I'm so incredibly thankful for all that I have. I came from a broken home, a single mom who worked and slaved to help us survive, and always knew that I wanted something different for my kids. I promised myself that I would get my education and marry someone who would be a great father. I told Bobby the instant he started talking marriage that he better decide if he really wants to marry me, because divorce was not in my future. I fell in love with him partly because of the love I saw between him and his father. I made a better future for myself...never knowing that together we would make a better home for my precious babies. I worked so hard for so long...and it was so worth it. I have an education and a job. I have my own house. Good cars. A terrific husband. I am so blessed to be able to give my children everything I missed. I always had food on the table and the love of my mom, but something was missing. And I thank God everyday that my kids never have to worry about how their dad feels about them. They know that they are his world. He loves them so much. He is a great Dad. I will always have the burden of knowing my Dad didn't want me around. But my kids will NEVER have to feel that. They are loved.

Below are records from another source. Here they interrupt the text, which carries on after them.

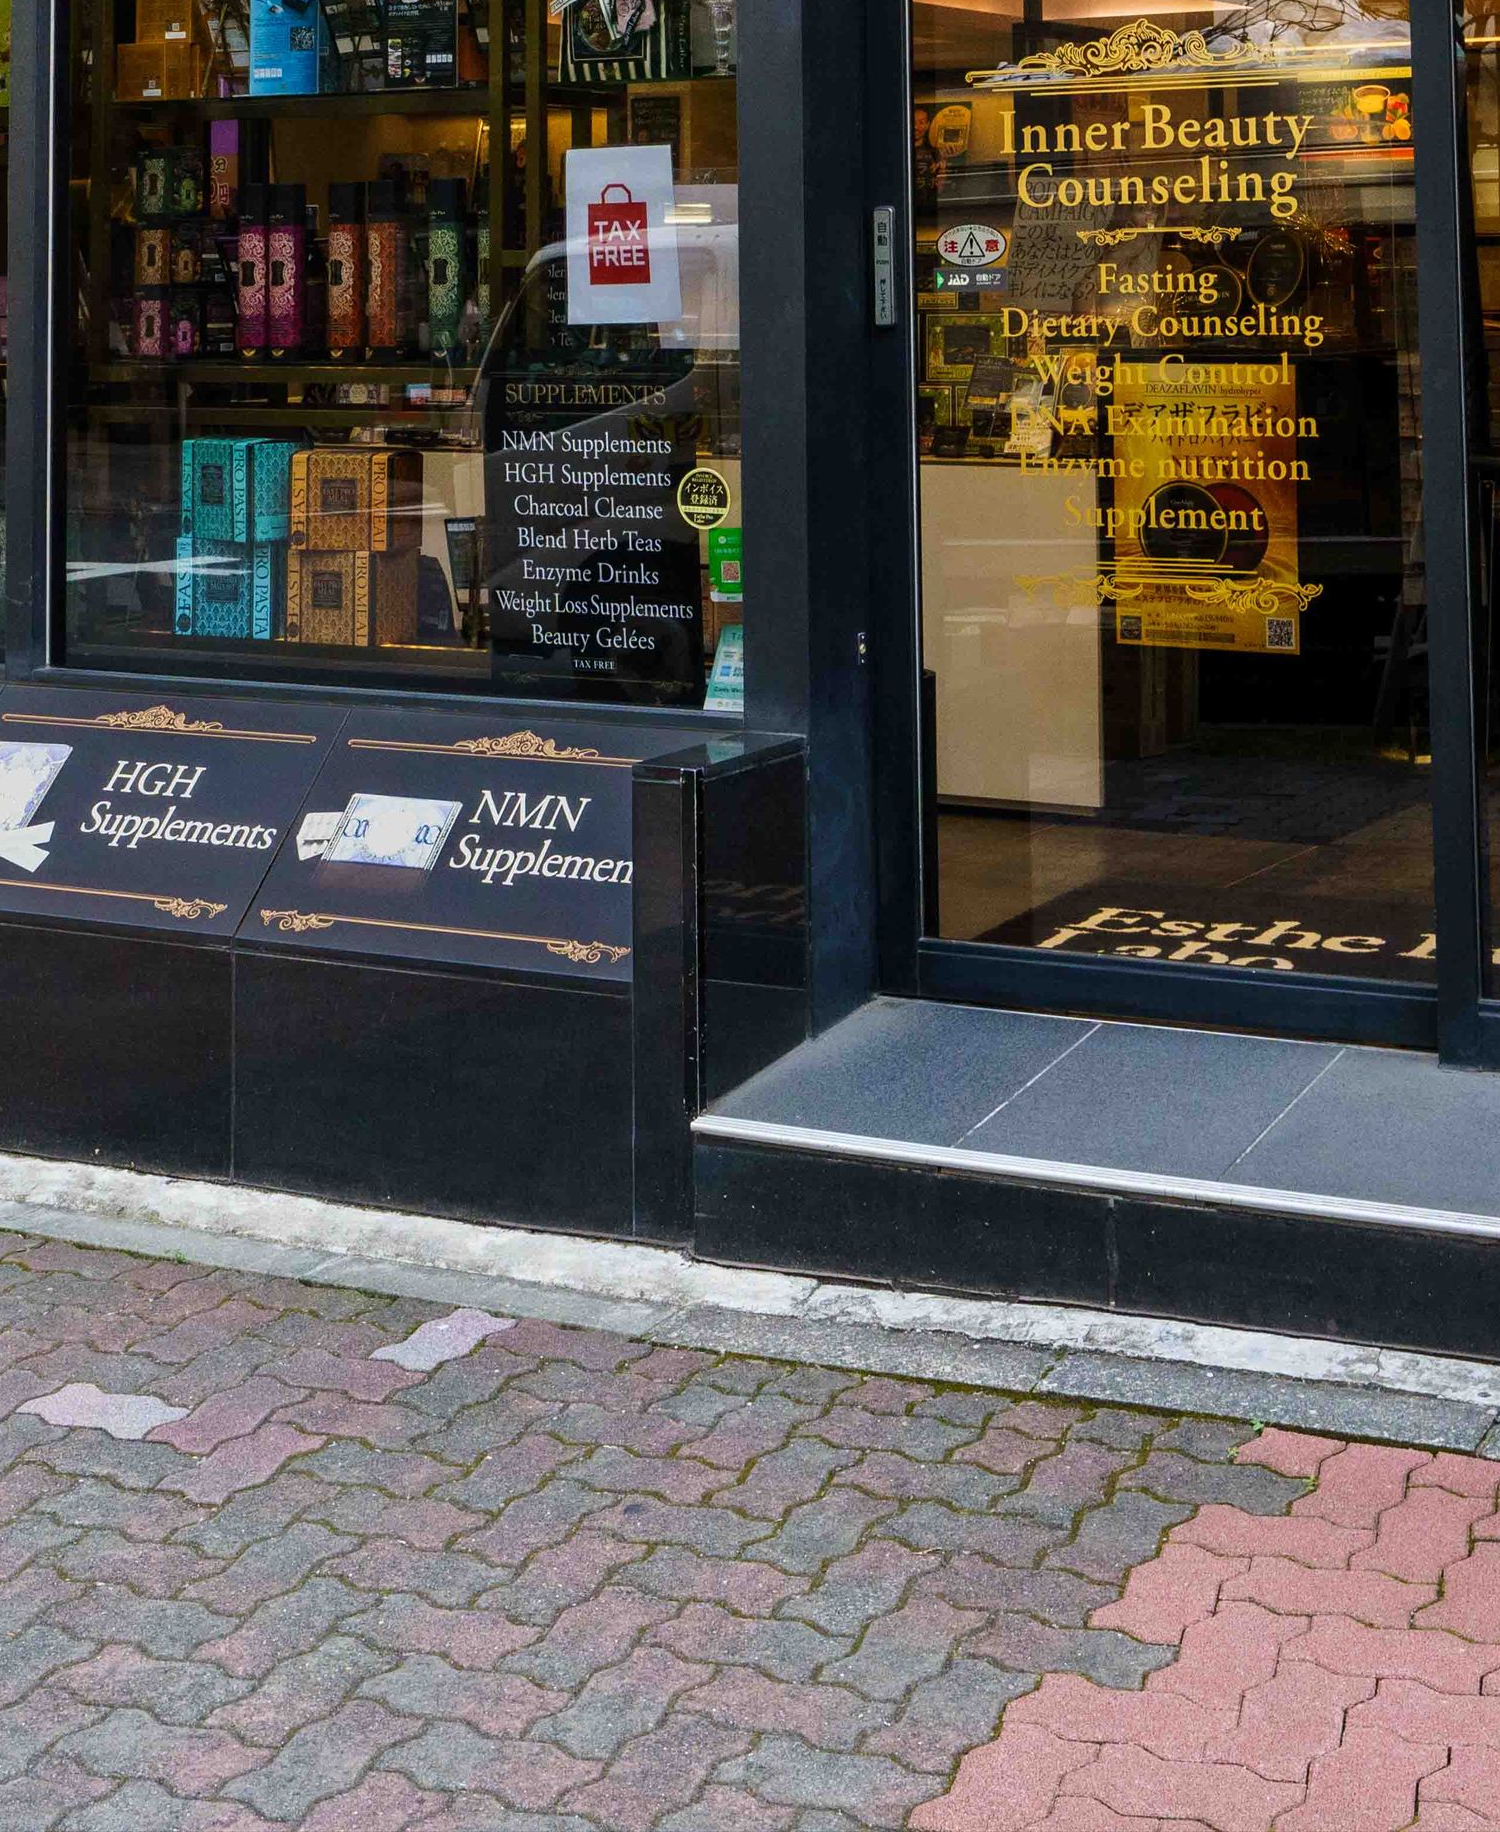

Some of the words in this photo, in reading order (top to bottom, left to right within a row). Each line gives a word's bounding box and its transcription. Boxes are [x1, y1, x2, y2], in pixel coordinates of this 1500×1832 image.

[999, 110, 1131, 156] Inner
[1140, 104, 1315, 160] Beauty
[1017, 158, 1299, 217] Counseling
[594, 219, 642, 242] TAX
[944, 239, 958, 253] 注
[985, 239, 1000, 253] 意
[592, 243, 646, 268] FREE
[947, 274, 970, 286] JAD
[976, 273, 1001, 283] 自動ドア
[1097, 263, 1219, 304] Fasting
[1000, 306, 1122, 346] Dietary
[1131, 304, 1325, 348] Counseling
[1031, 353, 1150, 397] Weight
[1157, 351, 1292, 387] Control
[504, 381, 667, 406] SUPPLEMENTS
[1009, 402, 1095, 436] DNA
[1105, 397, 1320, 439] Examination
[501, 428, 556, 454] NMN
[561, 430, 672, 460] Supplements
[504, 461, 555, 486] HGH
[561, 462, 672, 492] Supplements
[1018, 448, 1146, 488] Enzyme
[1156, 449, 1311, 481] nutrition
[684, 483, 724, 495] インボイス
[690, 495, 718, 506] 登録済
[234, 488, 246, 537] PASTA
[513, 494, 590, 519] Charcoal
[593, 495, 664, 520] Cleanse
[1063, 495, 1265, 538] Supplement
[516, 526, 571, 551] Blend
[572, 527, 617, 552] Herb
[620, 528, 663, 553] Teas
[522, 559, 593, 589] Enzyme
[595, 560, 660, 586] Drinks
[255, 583, 269, 638] PASTA
[496, 589, 553, 619] Weight
[553, 591, 589, 616] Loss
[589, 593, 694, 621] Supplements
[530, 624, 592, 654] Beauty
[595, 625, 656, 651] Gelées
[573, 658, 592, 669] TAX
[593, 658, 616, 670] FREE
[101, 759, 208, 800] HGH
[79, 801, 280, 852] Supplements
[467, 789, 597, 835] NMN
[448, 834, 633, 887] Supplemen
[1066, 905, 1387, 956] Esthe

So I'm looking at 2007 as yet another start for not only my family but for myself. My goal for this year is to grow as a mom and as a person. I hope to continue on my path to a better life, a happy family, and a strong marriage. I believe that I can make my life what I want it to be...and I want to teach my children the same thing. Their lives are blank slates ready to be written on, and it will say whatever they want it to.